§ **EXERCISE REQUIREMENTS**
Drop every image and restate the entries below word for word.

[Stored dataset items]
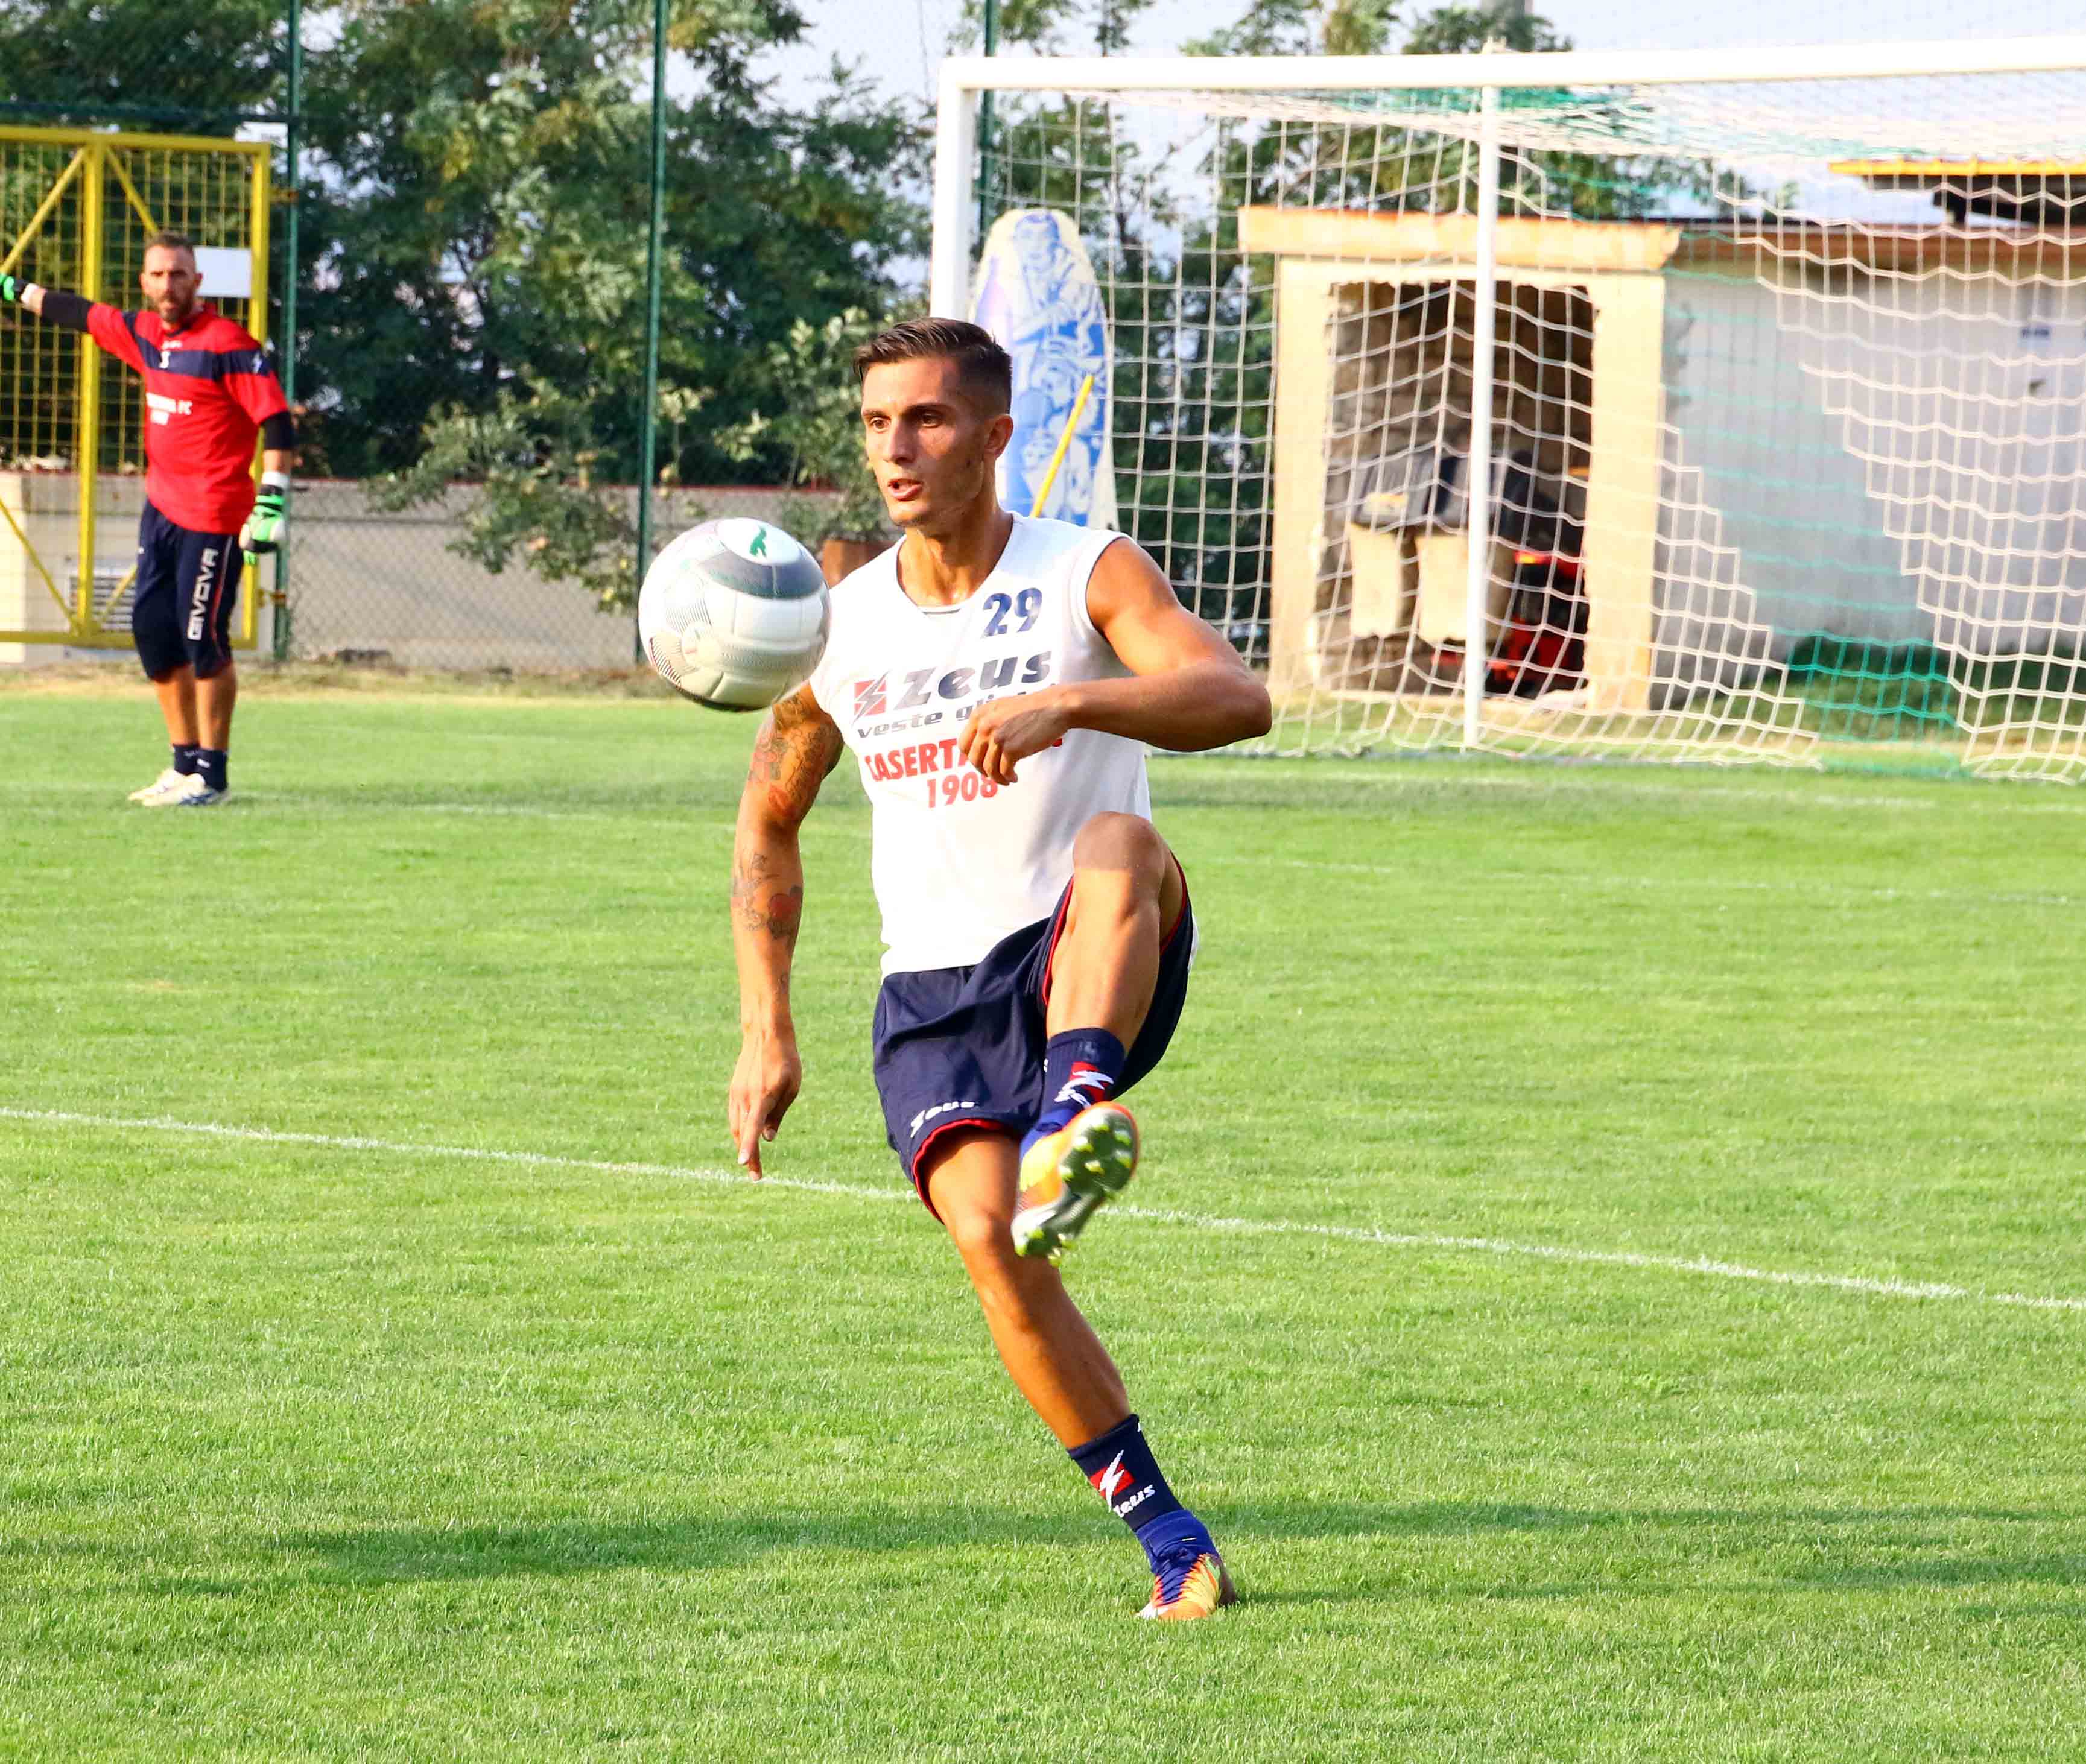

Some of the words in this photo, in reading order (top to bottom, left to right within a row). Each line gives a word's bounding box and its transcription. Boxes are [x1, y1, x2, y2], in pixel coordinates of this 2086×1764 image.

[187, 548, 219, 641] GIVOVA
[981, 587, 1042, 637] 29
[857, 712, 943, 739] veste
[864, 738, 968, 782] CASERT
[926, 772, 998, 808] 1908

§ **OUTPUT OF THE TASK**
Some of the words in this photo, in reading order (top to bottom, left to right within a row). Each line gives a word's bounding box and its transcription. Boxes are [x1, y1, x2, y2], in pixel coordinates of this 2086×1764 image.

[187, 548, 219, 641] GIVOVA
[981, 587, 1042, 637] 29
[857, 712, 943, 739] veste
[864, 738, 968, 782] CASERT
[926, 772, 998, 808] 1908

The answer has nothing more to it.